Embodiment Philosophy

Embodiment and feeling

  • I believe that feeling and embodiment are deeply entwined.

  • I argue that consciousness emerges initially as feeling, and that it is a whole body phenomenon. This is very different from views that understand consciousness as a phenomenon of the brain.

  • My theory understands feeling as central to human meaning-making and explains feeling in relation to the evolution of natural systems and animal sentience.

  • I outline a new metaphysics to make better sense of all the theories to which I refer.

The difference between emotion and feeling is important

In recent years a great deal of academic research and many popular science books have addressed the subjects of consciousness, emotion and feeling. Embodiment has become a major theme in therapeutic practice and in fields such as cognitive science and neuroscience.

Despite all this attention, the difference between emotion and feeling is often not addressed. The causal relationships between feeling and the physical body in the physical world are still not well defined.

Purely scientific views of emotion and feeling often end up in essentially meaningless conclusions—for example that consciousness is a hallucination or that feeling is just a by-product of brain functioning. On the other hand, therapeutic practice and bodywork can be highly informed by science but still fall back on ideas that are not really compatible with science—such as the ground of being or the oneness of mind.

Understanding emotion and feeling requires a deep conceptual shift

These theoretical problems that make it difficult to really understand feeling and emotion follow from our fundamental assumptions about the world: we actually need a new worldview. We must further our understanding of human experience by deeply considering how feeling and meaning arise, through evolution and in an individual human life. This can then inform the ways we heal and care for ourselves, each other and the natural environment.

I have been researching theories about nature, feeling and the body for more than twenty years. I recently refined and distilled this work into an interdisciplinary but accessible theory book. This book begins by showing how theories about emotion and feeling from different disciplines are pushing against their own limits, signalling the need for a deep conceptual shift.

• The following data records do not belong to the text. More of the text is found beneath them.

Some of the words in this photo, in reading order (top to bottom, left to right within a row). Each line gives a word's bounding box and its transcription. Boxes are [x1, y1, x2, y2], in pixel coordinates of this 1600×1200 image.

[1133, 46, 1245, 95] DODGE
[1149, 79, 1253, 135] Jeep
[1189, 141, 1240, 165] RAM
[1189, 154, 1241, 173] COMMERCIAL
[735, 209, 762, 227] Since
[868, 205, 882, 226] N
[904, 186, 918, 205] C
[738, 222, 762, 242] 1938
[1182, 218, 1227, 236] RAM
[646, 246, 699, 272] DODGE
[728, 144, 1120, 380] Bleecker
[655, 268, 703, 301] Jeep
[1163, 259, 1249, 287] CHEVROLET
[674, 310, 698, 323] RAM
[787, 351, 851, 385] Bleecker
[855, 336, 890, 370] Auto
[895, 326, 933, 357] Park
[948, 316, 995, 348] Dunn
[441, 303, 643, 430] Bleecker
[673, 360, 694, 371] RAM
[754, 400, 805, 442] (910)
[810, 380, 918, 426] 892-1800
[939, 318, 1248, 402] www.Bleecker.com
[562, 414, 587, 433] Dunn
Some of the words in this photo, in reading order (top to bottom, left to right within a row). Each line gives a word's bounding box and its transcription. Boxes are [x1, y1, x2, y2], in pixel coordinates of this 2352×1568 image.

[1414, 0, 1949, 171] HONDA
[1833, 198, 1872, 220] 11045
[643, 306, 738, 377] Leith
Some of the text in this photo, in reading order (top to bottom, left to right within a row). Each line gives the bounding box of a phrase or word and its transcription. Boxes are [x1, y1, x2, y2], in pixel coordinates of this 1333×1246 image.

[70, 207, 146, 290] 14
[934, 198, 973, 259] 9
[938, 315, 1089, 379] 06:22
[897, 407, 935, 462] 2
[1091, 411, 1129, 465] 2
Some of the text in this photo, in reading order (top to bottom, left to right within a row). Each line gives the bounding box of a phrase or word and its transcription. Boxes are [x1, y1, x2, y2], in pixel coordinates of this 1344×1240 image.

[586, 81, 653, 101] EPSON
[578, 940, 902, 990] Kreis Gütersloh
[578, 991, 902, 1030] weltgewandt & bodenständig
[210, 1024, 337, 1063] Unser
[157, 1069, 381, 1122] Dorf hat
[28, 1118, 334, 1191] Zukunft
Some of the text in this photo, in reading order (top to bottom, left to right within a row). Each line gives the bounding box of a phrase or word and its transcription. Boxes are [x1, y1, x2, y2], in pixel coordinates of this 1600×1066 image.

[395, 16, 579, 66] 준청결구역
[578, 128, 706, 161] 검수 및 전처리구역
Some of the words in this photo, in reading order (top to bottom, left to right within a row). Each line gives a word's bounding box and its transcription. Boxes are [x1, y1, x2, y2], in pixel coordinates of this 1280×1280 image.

I discuss the work of some of the major scientists currently leading research in neuroscience and emotion in psychology, philosophy and cognitive science. I explain inconsistencies across their views to show that the underlying concepts need to change.

I propose new metaphysical concepts that can account for both consciousness and the physical world. These concepts then help to organise theories from biology that deal with complex systems, emergence, the evolution of behaviour and feeling. From theories of biology I turn to theories of experience, including interaction theories from sociology and theories of child development from philosophy and psychoanalysis.

Feeling as inner sensing is the basis of consciousness

My written work builds towards understanding emotion as action and feeling as inner sensing. The new metaphysics explains that feeling arises creatively at the level of the whole body and that human beings are deeply interconnected.

Within therapeutic practice, this should help people to understand that we are complex systems with inner perspectives—feeling—and that working with the body helps the system to approach its own wholeness, to heal itself.

Beyond therapy, my book Taking Heart and Making Sense carries a strong social intention. The changes we make within ourselves shift relations with other people at the deepest level. They increase harmony among people, in groups and societies, and encourage the profound appreciation of nature and other living beings that should be integral to our actions and our lives.